Please, could you print all the lines below exactly, leaving out the pictures?

(Data excerpts)
========================

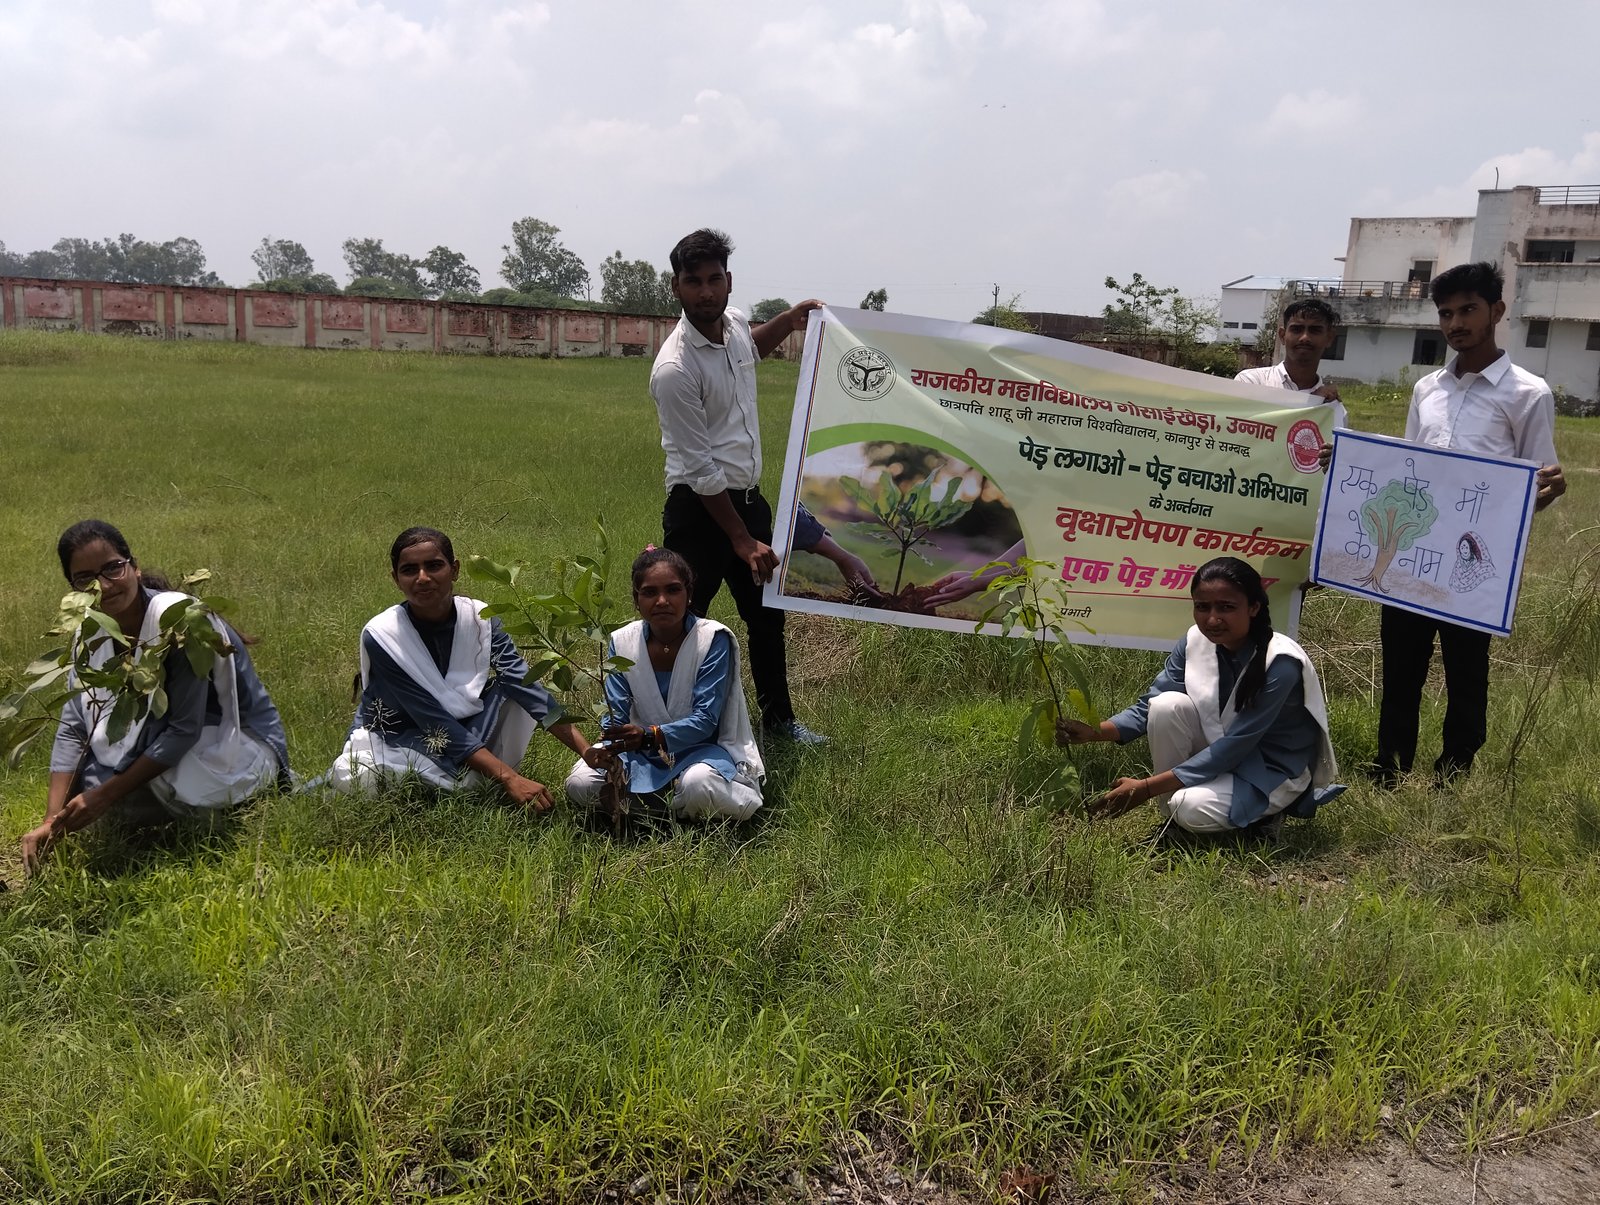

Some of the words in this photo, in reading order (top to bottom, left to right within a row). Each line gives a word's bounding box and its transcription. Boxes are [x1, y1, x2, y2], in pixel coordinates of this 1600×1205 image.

[911, 368, 995, 396] राजकीय
[1226, 416, 1277, 442] उन्नाव
[988, 407, 1013, 423] शाहू
[1016, 407, 1033, 421] जी
[1037, 412, 1083, 428] महाराज
[1087, 415, 1160, 442] विश्वविद्यालय,
[1164, 432, 1202, 450] कानपुर
[1205, 436, 1216, 450] से
[1019, 435, 1051, 470] पेड़
[1054, 447, 1126, 476] लगाओ
[1146, 455, 1175, 490] पेड़
[1177, 467, 1236, 494] बचाओ
[1237, 473, 1308, 506] अभियान
[1340, 465, 1378, 499] एक
[1149, 493, 1163, 509] के
[1055, 506, 1192, 547] वृक्षारोपण
[1193, 527, 1310, 560] कार्यक्रम
[1344, 510, 1372, 562] के
[1398, 546, 1444, 583] नाम
[1061, 556, 1114, 584] एक
[1117, 556, 1159, 593] पेड़
[1060, 606, 1092, 618] प्रभारी

========================

*Task response:*
Some of the words in this photo, in reading order (top to bottom, left to right within a row). Each line gives a word's bounding box and its transcription. Boxes are [x1, y1, x2, y2], in pixel coordinates of this 1600×1205 image.

[911, 368, 995, 396] राजकीय
[1226, 416, 1277, 442] उन्नाव
[988, 407, 1013, 423] शाहू
[1016, 407, 1033, 421] जी
[1037, 412, 1083, 428] महाराज
[1087, 415, 1160, 442] विश्वविद्यालय,
[1164, 432, 1202, 450] कानपुर
[1205, 436, 1216, 450] से
[1019, 435, 1051, 470] पेड़
[1054, 447, 1126, 476] लगाओ
[1146, 455, 1175, 490] पेड़
[1177, 467, 1236, 494] बचाओ
[1237, 473, 1308, 506] अभियान
[1340, 465, 1378, 499] एक
[1149, 493, 1163, 509] के
[1055, 506, 1192, 547] वृक्षारोपण
[1193, 527, 1310, 560] कार्यक्रम
[1344, 510, 1372, 562] के
[1398, 546, 1444, 583] नाम
[1061, 556, 1114, 584] एक
[1117, 556, 1159, 593] पेड़
[1060, 606, 1092, 618] प्रभारी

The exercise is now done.